To backtrack: Day two of packout was fairly short - the packers were done by 1:30, gone at 2, taking the Air and Consummables with them. Which left quite a lot of time to kill, and me somewhat annoyed because I'd really, really wanted to have an easy Sunday drive up to DC. But otherwise it went smoothly - though I didn't find the Netflix DVDs. Dammit.

(One of them was Deadpool, too. I really wantetd to watch that.)

I did get some writing done, though, so there's that.

Sunday was Day 3, and a whole new crew of mostly college-age guys who wrapped up the furniture and carried everything out. Sunday was a bit tricky, because I didn't have babysitting lined up for Andrew or Charlie, and couldn't use the babysitter from the previous days because Sunday. Two neighbors helped out, one by taking them both to brunch at the cafeteria, and the other by taking Andrew to the pool for swim lessons in the afternoon. Even so - I didn't even have a chance to crack open the laptop, because I spent the time trying to clean up the house behind the movers, and repack the car so that everything fit, and rescue the two empty bags I'd intended to take with us but which had been packed for storage the day before. (They were easy to find - the box was marked clearly. One was a collapsable duffel so big it'd fit me; the other is a travel bag for Charlie's carseat.)

(If I had the choice between finding the bags and finding the Netflix movies - I'd take the bags.)

It ended up taking just over six hours to load the truck - well, five, since they took a break for lunch halfway through, which I sure as heck wasn't going to deny them. Those boys were tired, I think a couple took naps on the living room floor. (They'd packed all the furniture by that point.)

Also, I solved the mystery of what happens when Bill and Andrew play Dinosaur Fight on the brand-new queen-size mattress. Two of the wooden support beams on the box spring snapped, and the metal frame itself is bent. Which explains why I thought the entire bed was dipping in the middle - IT WAS.

I don't know what's more annoying. That I was right and we've been sleeping on a broken bed for the last two years, or that Bil's not even here for me to gloat about it.

Charlie had spent most of the day with me, trying to get squashed by movers, and also trying to help dismantle bed frames (the guy doing them was very sweet about it, though; his hair was also super thick and curly so maybe they bonded). Mostly though, he was completely uninterested in a nap - so I didn't force the issue, because there wasn't anywhere to put him, anyway, and by the time it was time fo rme to sign papers, he literally fell asleep on my shoulder without any prompting whatsoever.

At which point I called our other babysitter, who luckily had just gotten home late the night before from her college-search-trip, and she came over and sat with him sleeping on the carpet in the upstairs room while I finished up with the movers and started to drag the remaining trash out to the curb. OMG SO MUCH TRASH. So many empty, discarded boxes that the movers didn't use! So many random bags of... I don't even KNOW, just stuff.
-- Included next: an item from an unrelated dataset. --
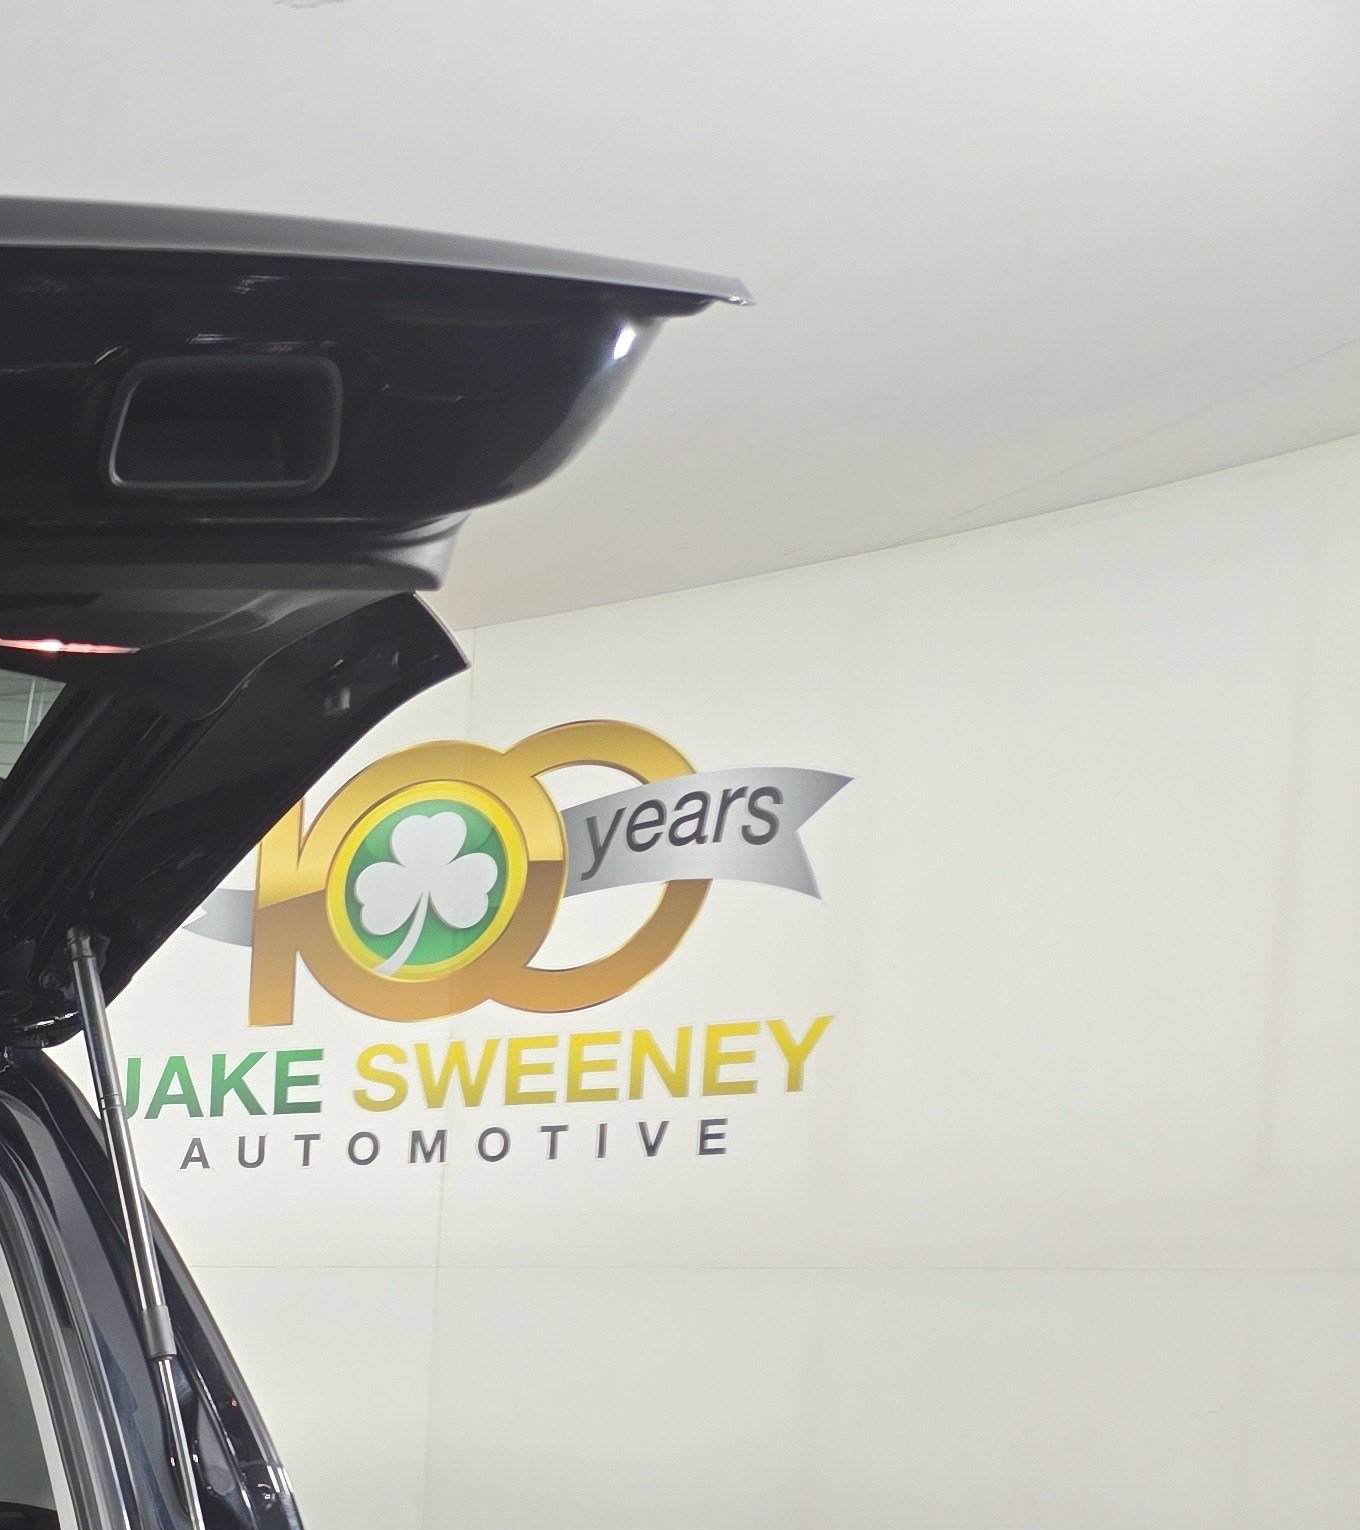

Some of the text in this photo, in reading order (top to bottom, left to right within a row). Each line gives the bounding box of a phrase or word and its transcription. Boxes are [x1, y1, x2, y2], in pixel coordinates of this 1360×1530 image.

[579, 786, 785, 882] years
[353, 1013, 835, 1114] SWEENEY
[179, 1117, 729, 1172] AUTOMOTIVE
And all of the plants I couldn't palm off on anyone. I kept asking people to come by and take them, and they'd all say, "Oh, sure, maybe later." Well, the house was empty, our stuff was on its way to 95 North, there was no later, there was only now.

(No worries, plant-lovers. As we were pulling out, a little while later, all the children from next door were coming over, and carrying back pots of plants, which was just funny, since their mother was the worst of the, "Yes, yes, I'll be right over" responders.)

Anyway, we were approaching Zero Hour, mostly because Charlie woke up after barely an hour, and was clearly in a mood. I mean, it was just about 5pm, he'd been awake since 7am and hadn't napped all that long, I totally get it. But I still had to load the car and the cat and more importantly, Andrew was still unaccounted for. Mostly likely still at the pool, but I couldn't reach K on her cell, and they weren't answering their house phone, and I finally called the pool and got a lifeguard to go and tell her that it was time for Andrew to come home and LEAVE HOME, and then it was another twenty minutes and Charlie was still sobbing and there was no sign of Andrew (the pool is like, five minutes away), and at that point, I had half the neighborhood looking for Andrew.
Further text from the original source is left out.